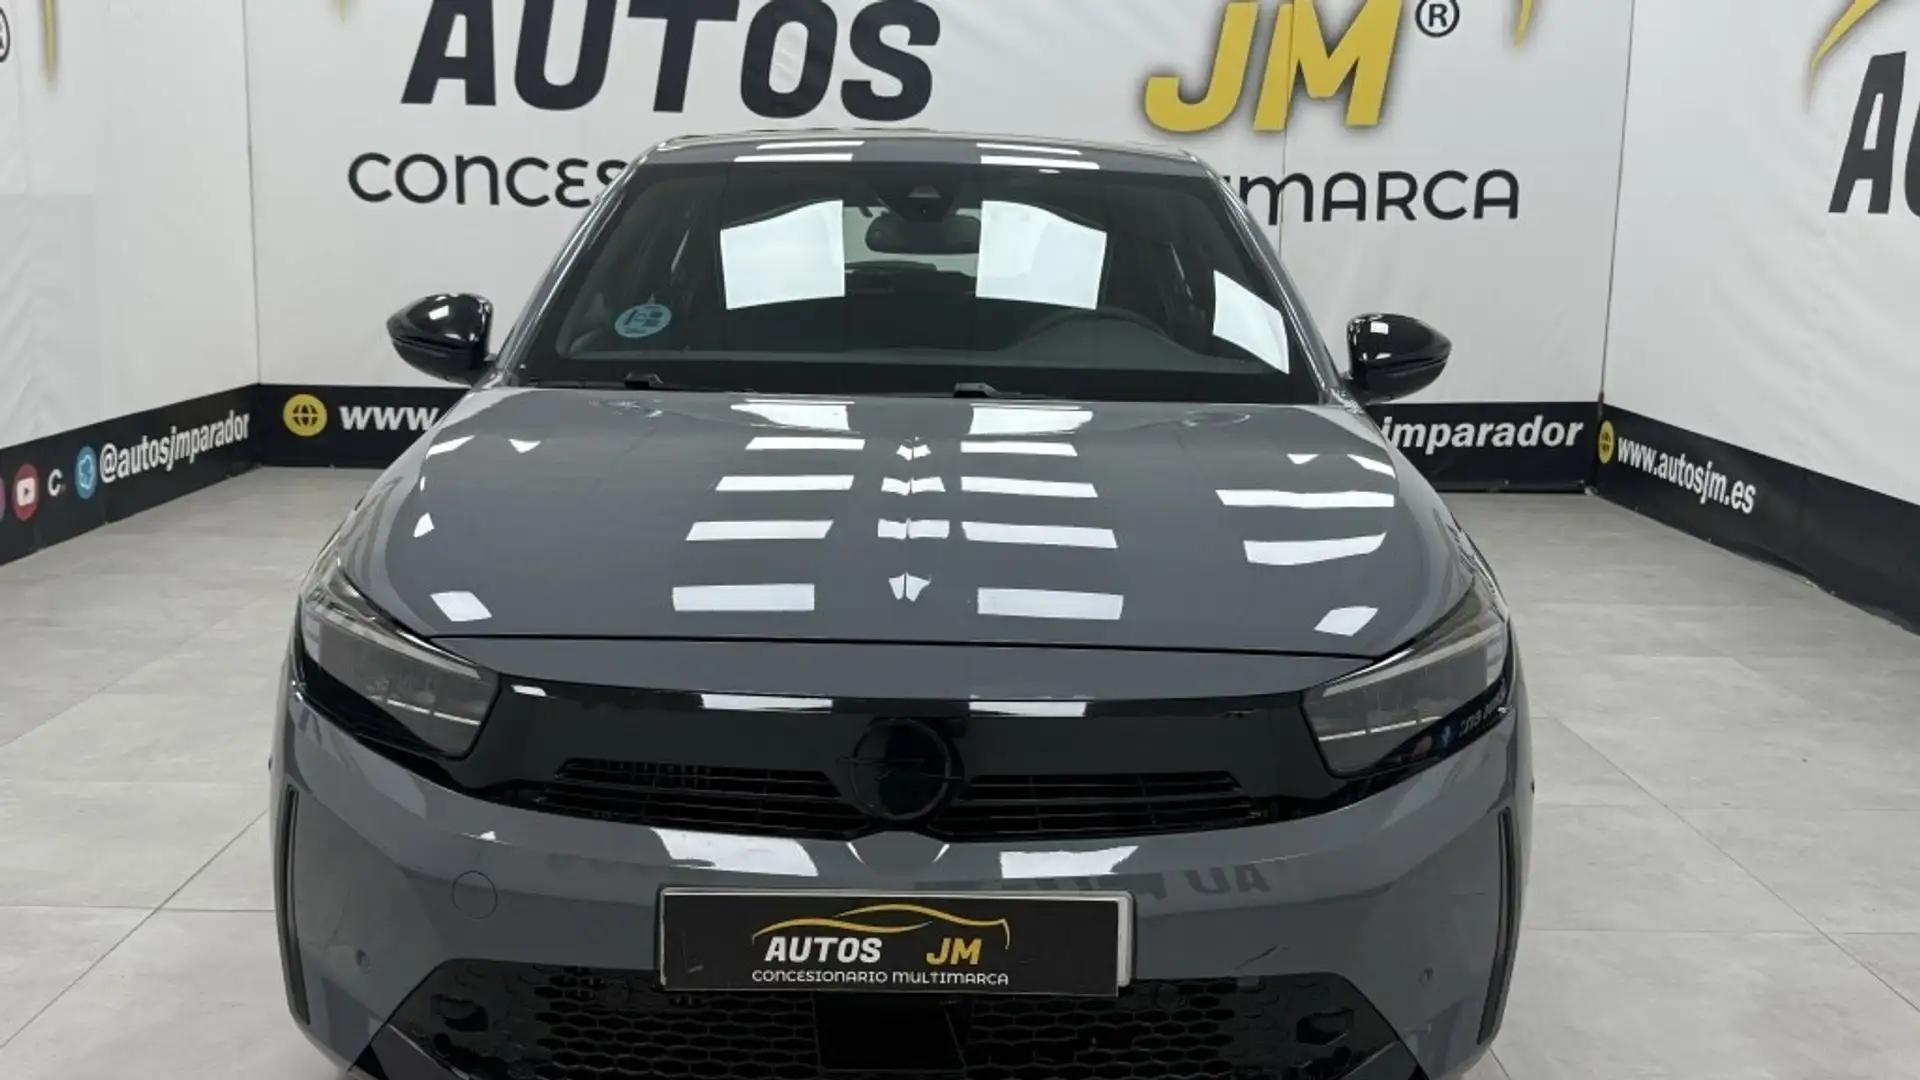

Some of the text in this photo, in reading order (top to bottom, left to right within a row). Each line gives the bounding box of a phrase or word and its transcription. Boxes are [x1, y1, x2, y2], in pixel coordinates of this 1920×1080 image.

[401, 0, 941, 121] AUTOS
[1144, 0, 1402, 132] JM
[1222, 169, 1520, 226] MARCA
[100, 409, 250, 484] @autosjmparador
[1618, 436, 1757, 515] www.autosjm.es
[752, 969, 1009, 986] CONCESIONARIO MULTIMARCA
[764, 936, 983, 965] AUTOS JM
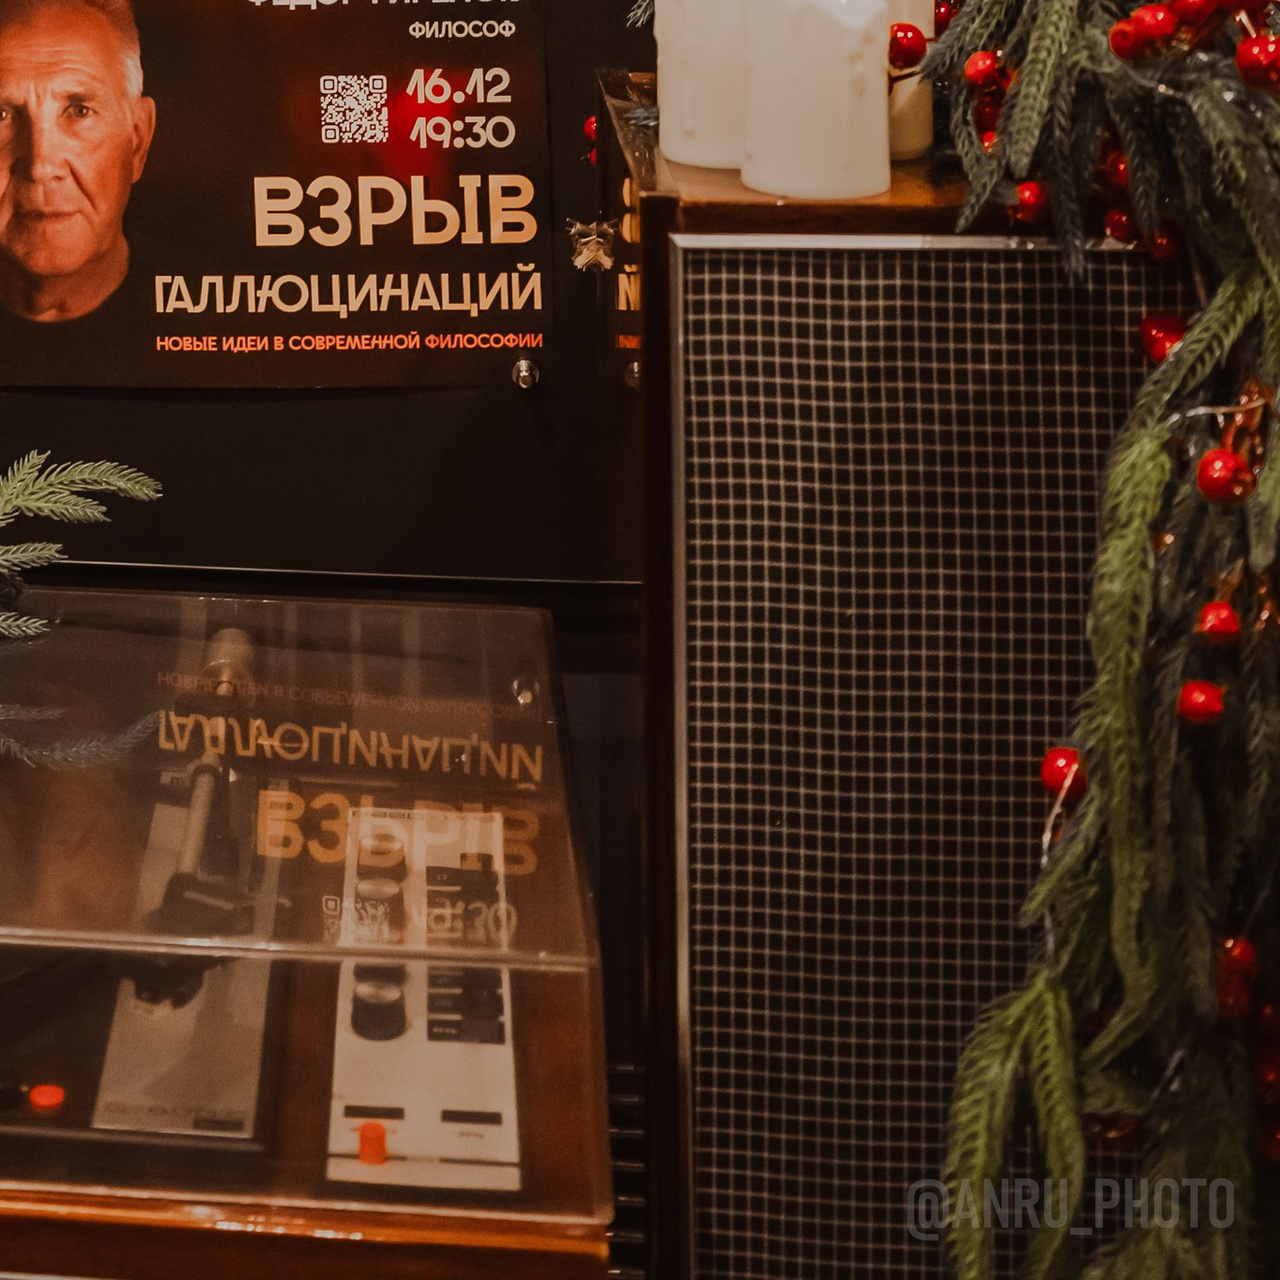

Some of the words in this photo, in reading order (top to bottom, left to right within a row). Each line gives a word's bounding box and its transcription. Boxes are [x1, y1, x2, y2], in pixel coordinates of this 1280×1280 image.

[408, 19, 516, 39] ФИЛОСОФ
[406, 67, 511, 105] 16.12
[409, 115, 516, 150] 19:30
[253, 173, 538, 248] ВЗРЫВ
[155, 262, 543, 319] ГАЛЛЮЦИНАЦИЙ
[156, 336, 218, 352] НОВЫЕ
[222, 336, 270, 354] ИДЕИ
[273, 336, 285, 351] В
[288, 330, 421, 352] СОВРЕМЕННОЙ
[424, 332, 544, 350] ФИЛОСОФИИ
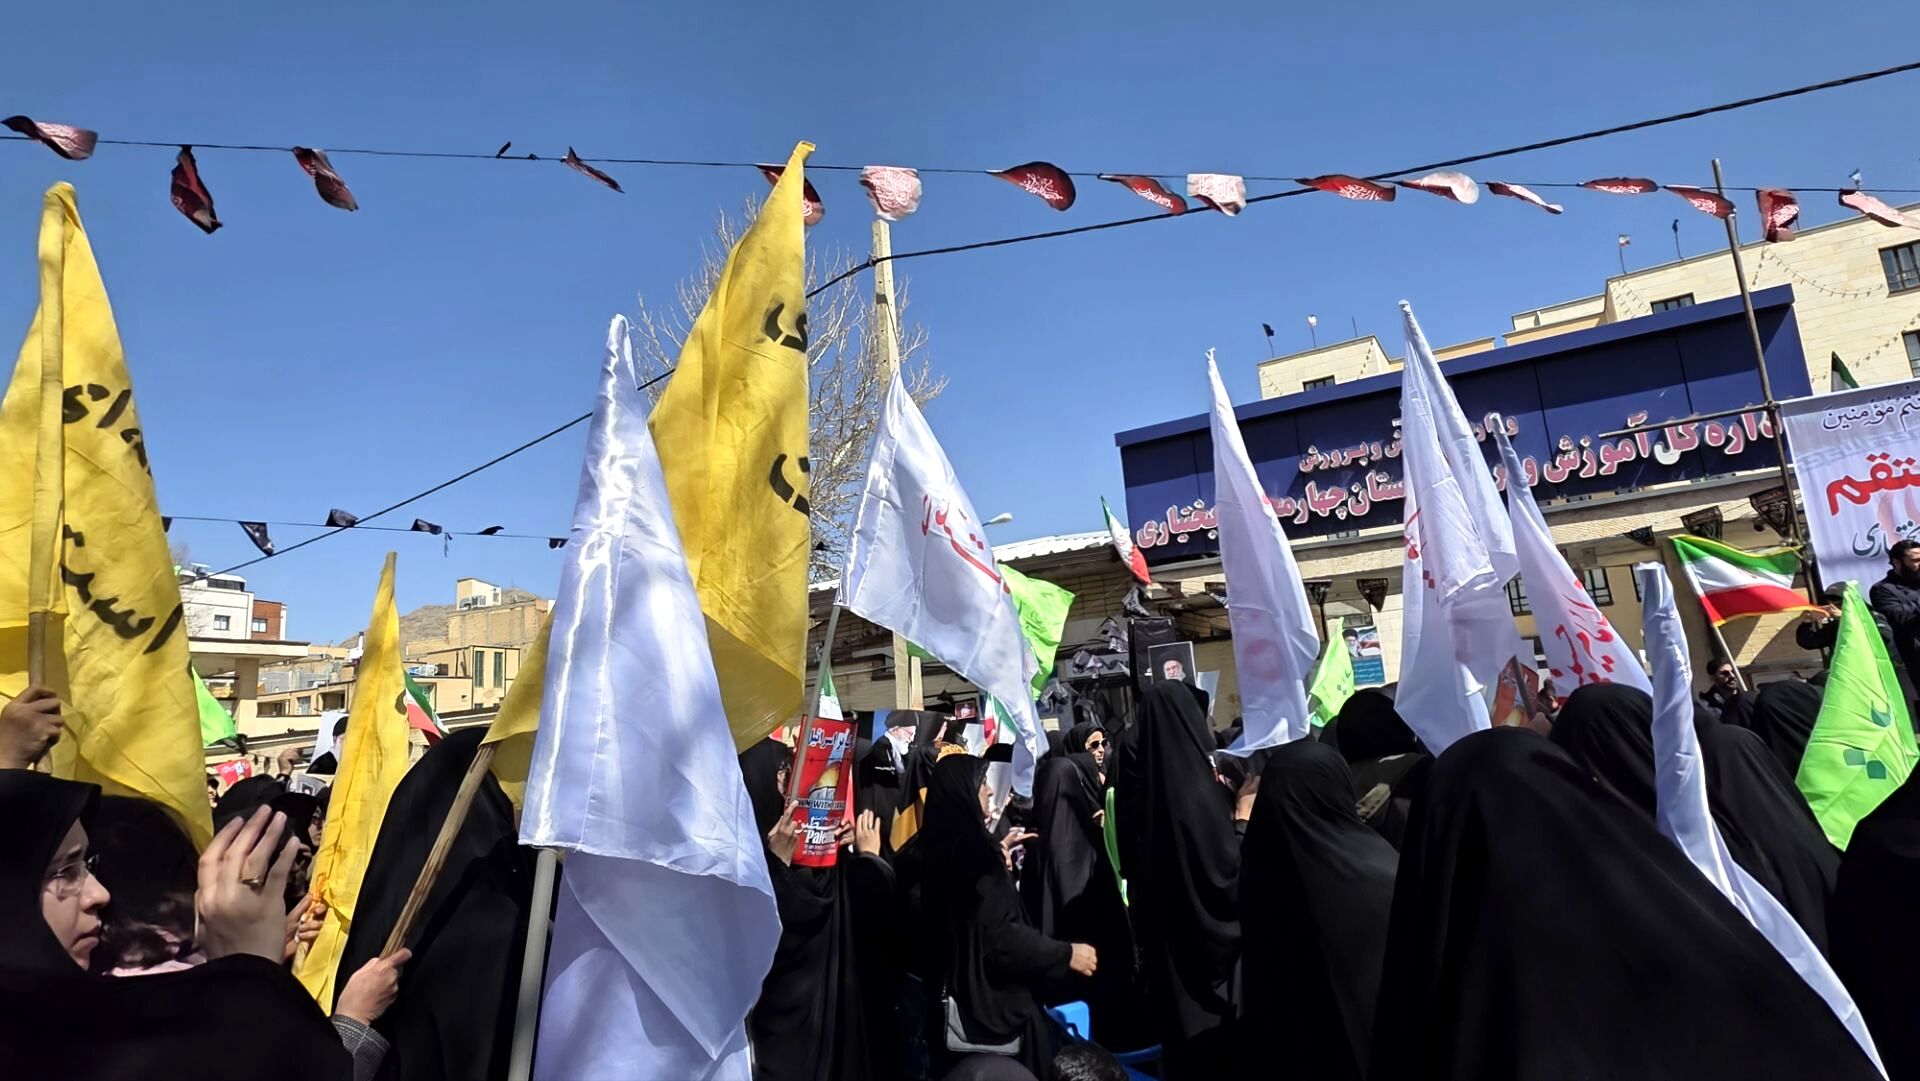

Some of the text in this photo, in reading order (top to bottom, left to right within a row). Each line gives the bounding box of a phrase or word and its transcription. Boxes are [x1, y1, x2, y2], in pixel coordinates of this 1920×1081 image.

[1299, 441, 1369, 473] پرورش
[1543, 410, 1649, 483] آموزش
[1268, 480, 1348, 525] چهارم
[1347, 469, 1405, 517] ستان

+ + + + + + +

# Task to carry out
For this exercise, output the records exactly but omit their pictures.

# Reply
Some of the text in this photo, in reading order (top to bottom, left to right within a row). Each line gives the bounding box of a phrase or word and its transcription. Boxes are [x1, y1, x2, y2], in pixel coordinates of this 1920×1080 image.

[401, 0, 941, 121] AUTOS
[1144, 0, 1402, 132] JM
[1222, 169, 1520, 226] MARCA
[100, 409, 250, 484] @autosjmparador
[1618, 436, 1757, 515] www.autosjm.es
[752, 969, 1009, 986] CONCESIONARIO MULTIMARCA
[764, 936, 983, 965] AUTOS JM

Some of the words in this photo, in reading order (top to bottom, left to right within a row). Each line gives a word's bounding box and its transcription. Boxes are [x1, y1, x2, y2], in pixel coordinates of this 1280×1280 image.

[408, 19, 516, 39] ФИЛОСОФ
[406, 67, 511, 105] 16.12
[409, 115, 516, 150] 19:30
[253, 173, 538, 248] ВЗРЫВ
[155, 262, 543, 319] ГАЛЛЮЦИНАЦИЙ
[156, 336, 218, 352] НОВЫЕ
[222, 336, 270, 354] ИДЕИ
[273, 336, 285, 351] В
[288, 330, 421, 352] СОВРЕМЕННОЙ
[424, 332, 544, 350] ФИЛОСОФИИ

Some of the text in this photo, in reading order (top to bottom, left to right within a row). Each line gives the bounding box of a phrase or word and its transcription. Boxes are [x1, y1, x2, y2], in pixel coordinates of this 1920×1081 image.

[1299, 441, 1369, 473] پرورش
[1543, 410, 1649, 483] آموزش
[1268, 480, 1348, 525] چهارم
[1347, 469, 1405, 517] ستان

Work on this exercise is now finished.